* Study material
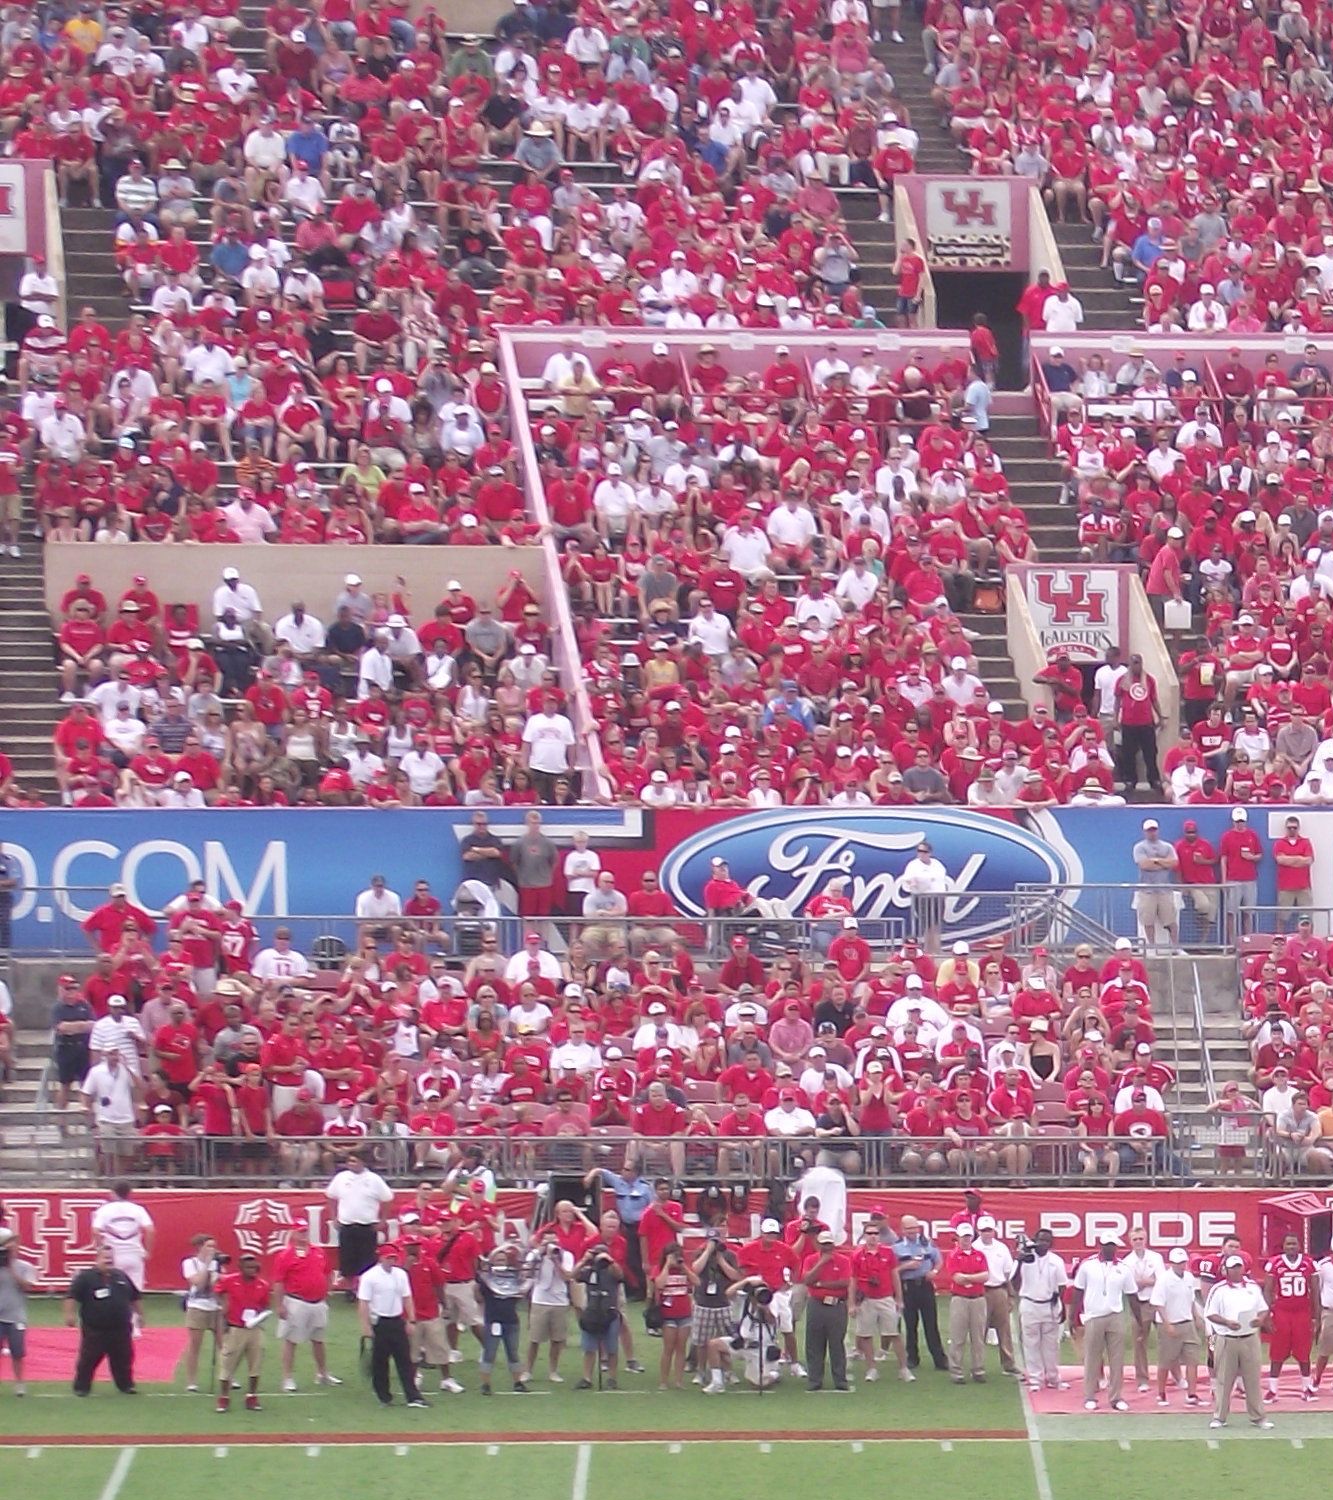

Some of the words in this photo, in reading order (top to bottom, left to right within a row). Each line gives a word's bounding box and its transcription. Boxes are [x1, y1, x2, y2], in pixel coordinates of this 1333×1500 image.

[1034, 573, 1107, 624] UH
[746, 825, 987, 924] Ford
[1040, 1211, 1237, 1248] PRIDE
[1280, 1280, 1306, 1297] 50
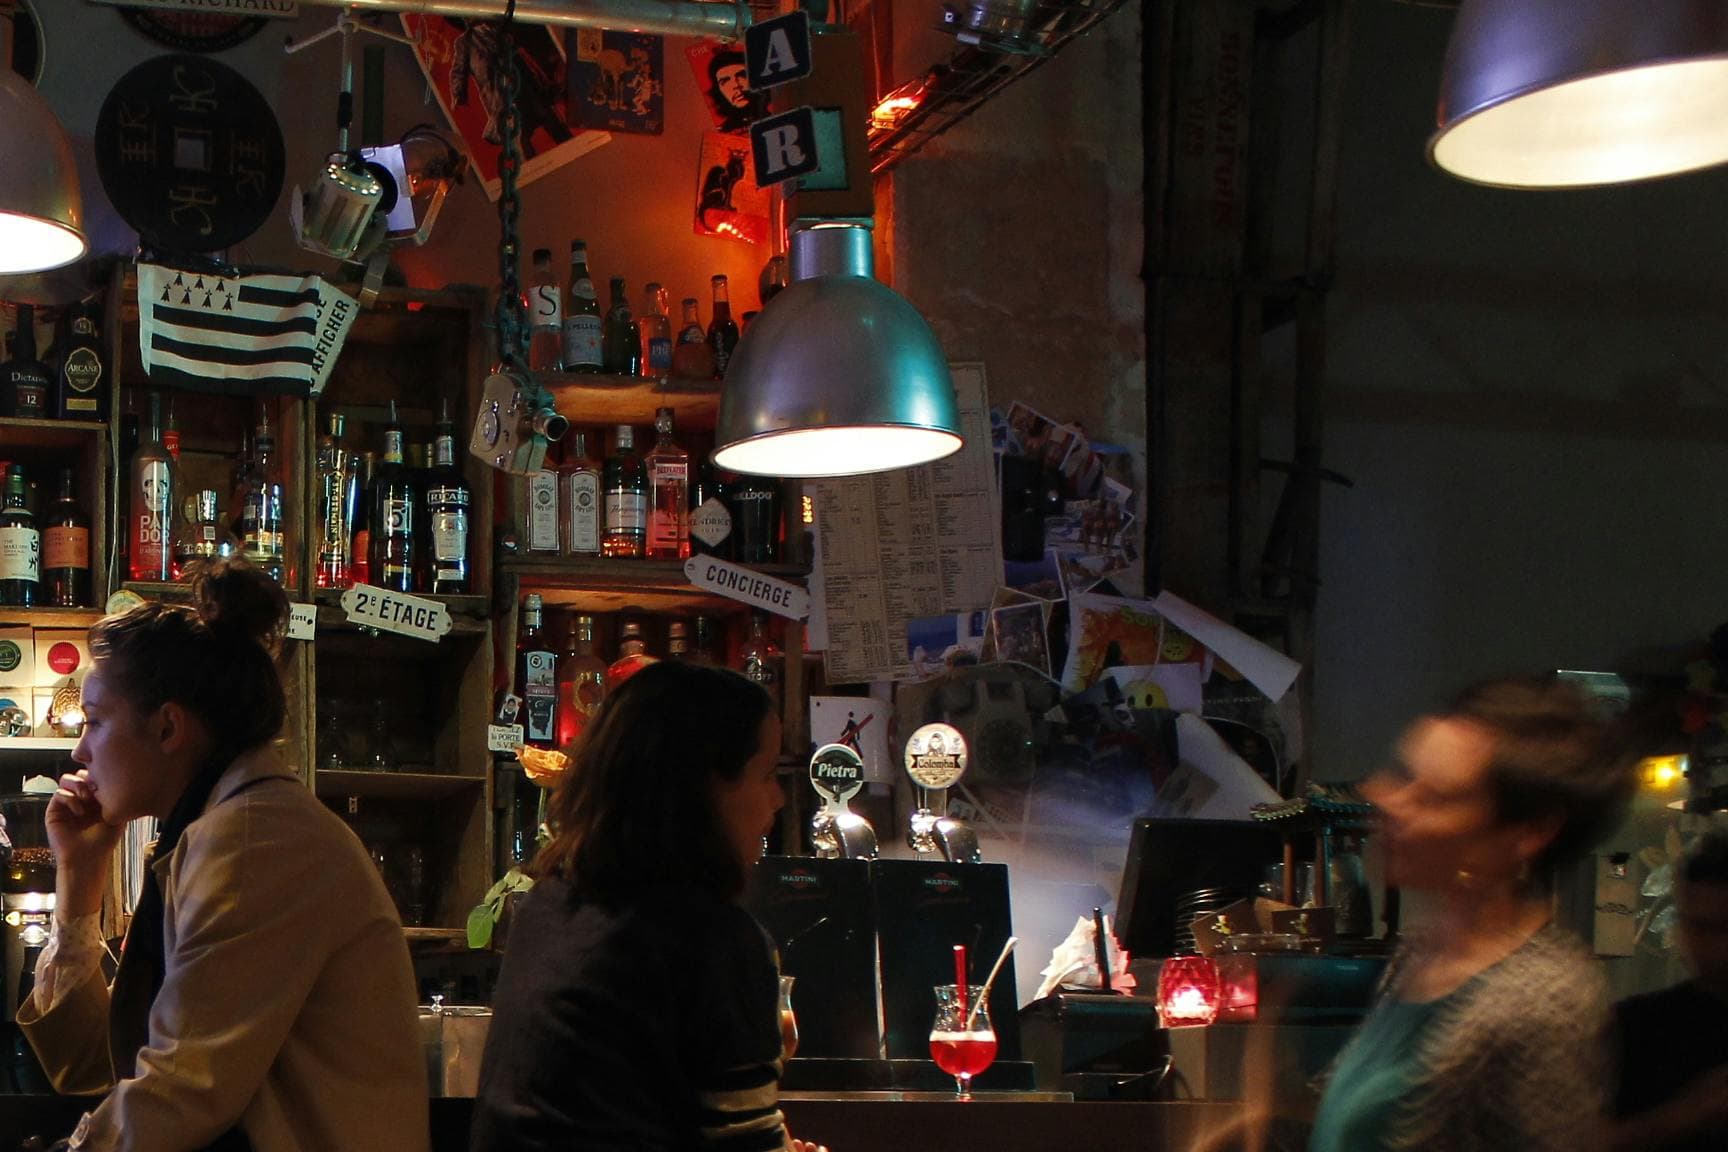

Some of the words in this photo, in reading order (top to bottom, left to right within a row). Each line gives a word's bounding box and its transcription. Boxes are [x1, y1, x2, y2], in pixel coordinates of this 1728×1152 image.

[761, 29, 797, 78] A
[762, 124, 806, 175] R
[310, 299, 350, 384] AFFICHER
[430, 492, 469, 502] RICARD
[706, 565, 793, 608] CONCIERGE
[379, 597, 438, 631] ÉTAGE
[498, 734, 521, 742] PORTE
[817, 763, 858, 779] Pietra
[781, 874, 817, 884] MARTINI
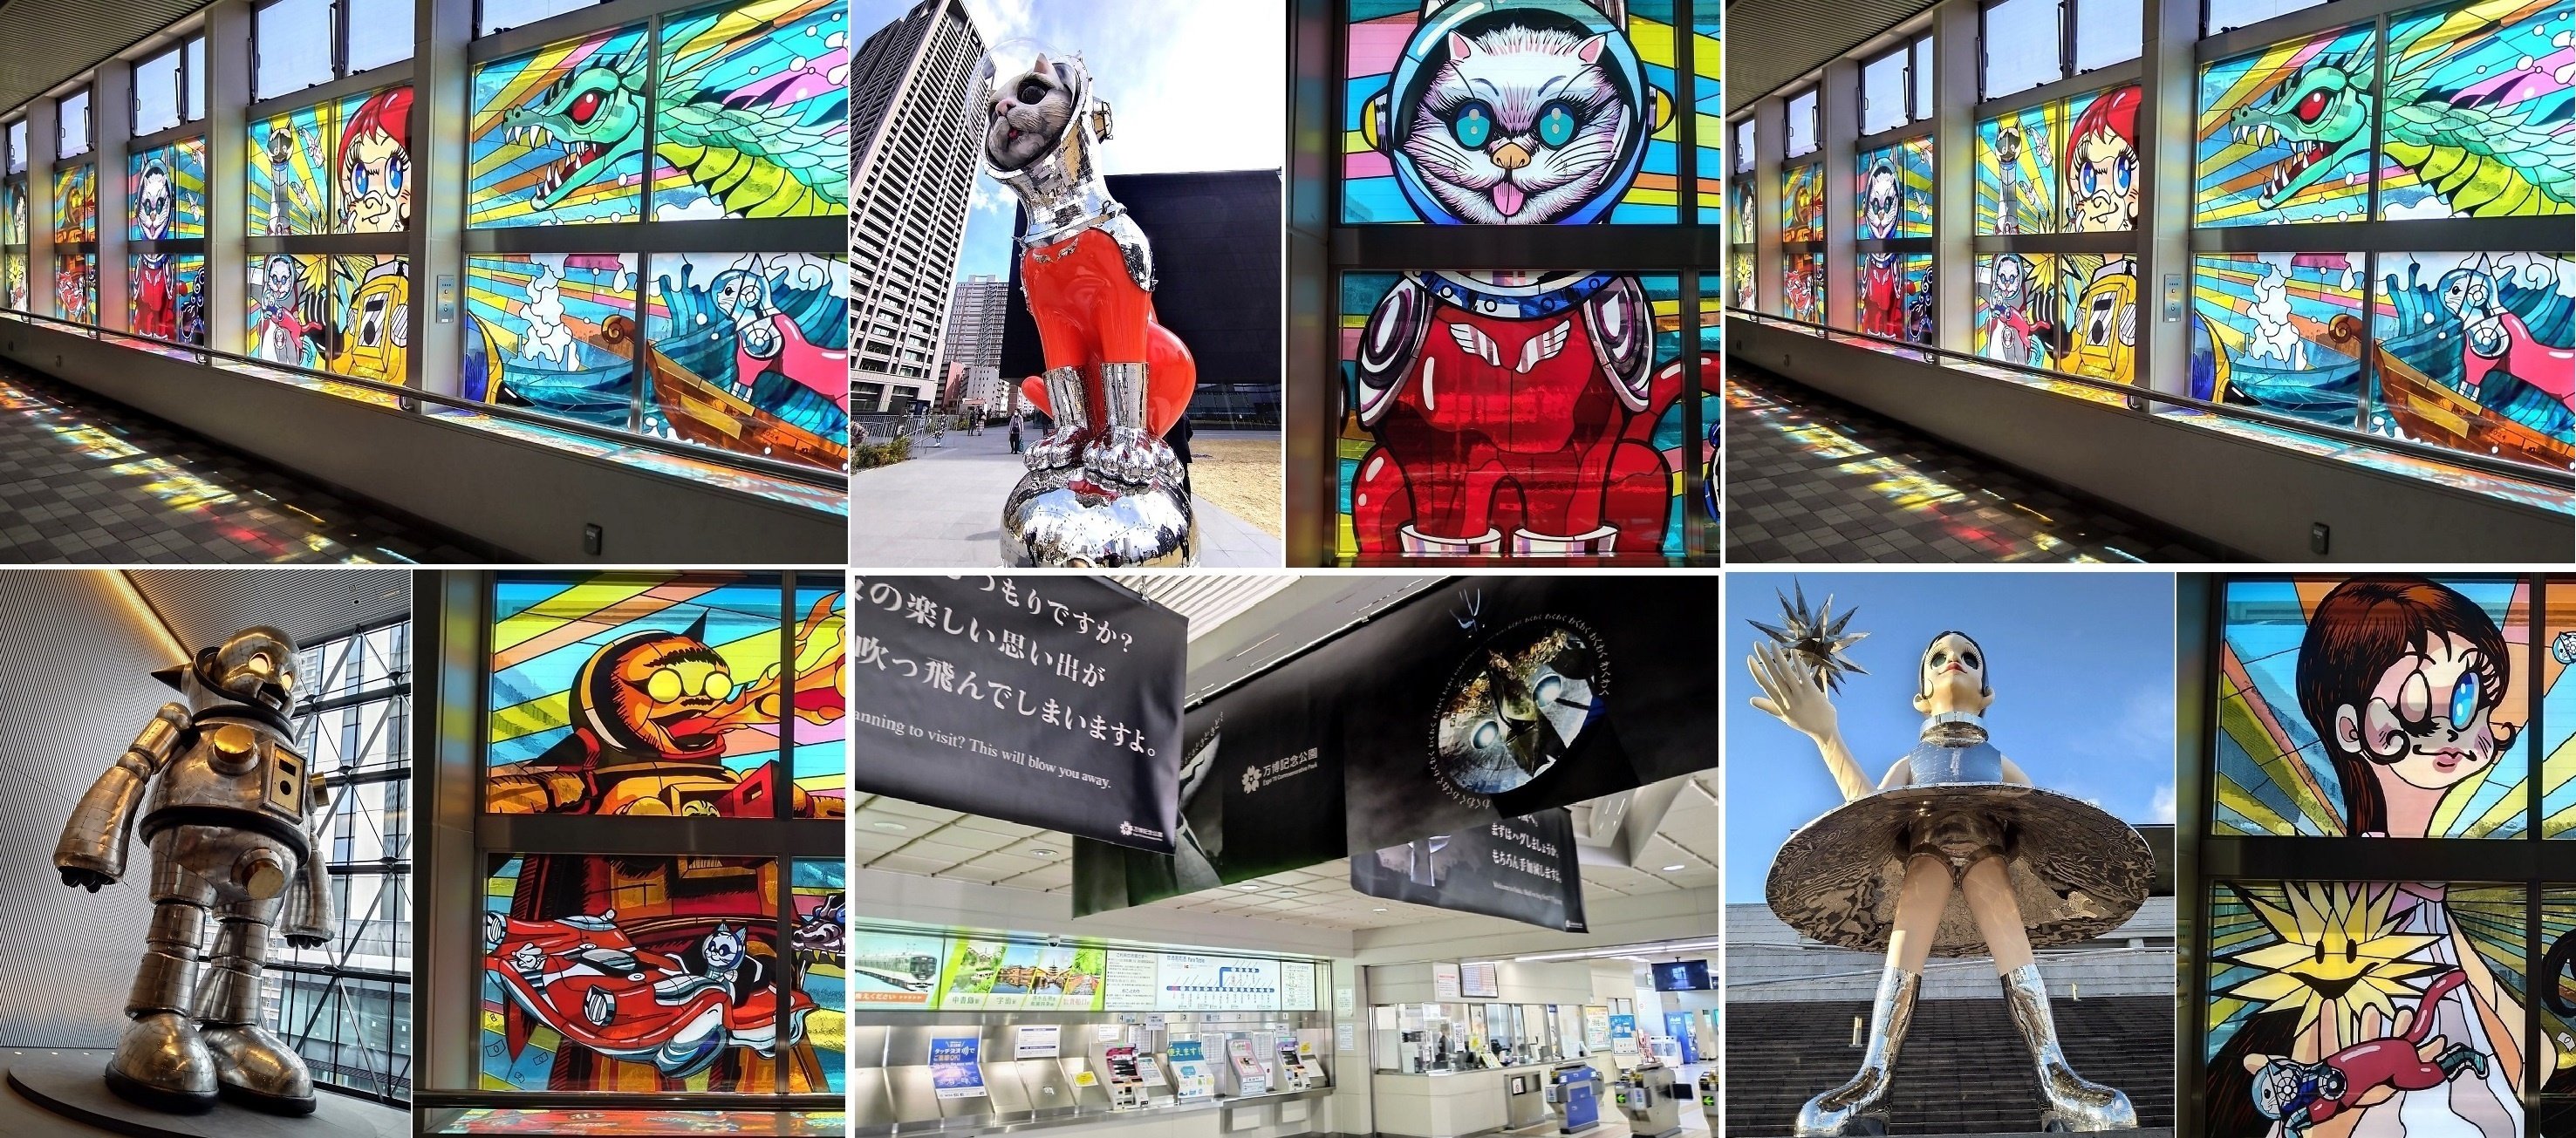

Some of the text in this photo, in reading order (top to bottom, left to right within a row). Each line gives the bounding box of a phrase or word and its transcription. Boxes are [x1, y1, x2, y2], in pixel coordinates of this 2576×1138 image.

[949, 576, 1133, 652] つもりですか?
[909, 724, 924, 739] to
[928, 729, 966, 749] visit?
[969, 738, 998, 758] This
[1002, 750, 1025, 766] will
[1028, 755, 1056, 774] blow
[1059, 767, 1080, 780] you
[1082, 773, 1111, 788] away.
[1262, 747, 1318, 777] 万博記念公園

* What is required
In the reply, each line of the data must appear exactly as written, and no picture may appear.

* Task solution
Some of the words in this photo, in reading order (top to bottom, left to right within a row). Each line gives a word's bounding box and its transcription. Boxes are [x1, y1, x2, y2], in pixel coordinates of this 1333×1500 image.

[1034, 573, 1107, 624] UH
[746, 825, 987, 924] Ford
[1040, 1211, 1237, 1248] PRIDE
[1280, 1280, 1306, 1297] 50

Some of the words in this photo, in reading order (top to bottom, left to right within a row). Each line gives a word's bounding box and its transcription. Boxes are [x1, y1, x2, y2], in pixel coordinates of this 1728×1152 image.

[761, 29, 797, 78] A
[762, 124, 806, 175] R
[310, 299, 350, 384] AFFICHER
[430, 492, 469, 502] RICARD
[706, 565, 793, 608] CONCIERGE
[379, 597, 438, 631] ÉTAGE
[498, 734, 521, 742] PORTE
[817, 763, 858, 779] Pietra
[781, 874, 817, 884] MARTINI

Some of the text in this photo, in reading order (top to bottom, left to right within a row). Each line gives the bounding box of a phrase or word and its transcription. Boxes are [x1, y1, x2, y2], in pixel coordinates of this 2576×1138 image.

[949, 576, 1133, 652] つもりですか?
[909, 724, 924, 739] to
[928, 729, 966, 749] visit?
[969, 738, 998, 758] This
[1002, 750, 1025, 766] will
[1028, 755, 1056, 774] blow
[1059, 767, 1080, 780] you
[1082, 773, 1111, 788] away.
[1262, 747, 1318, 777] 万博記念公園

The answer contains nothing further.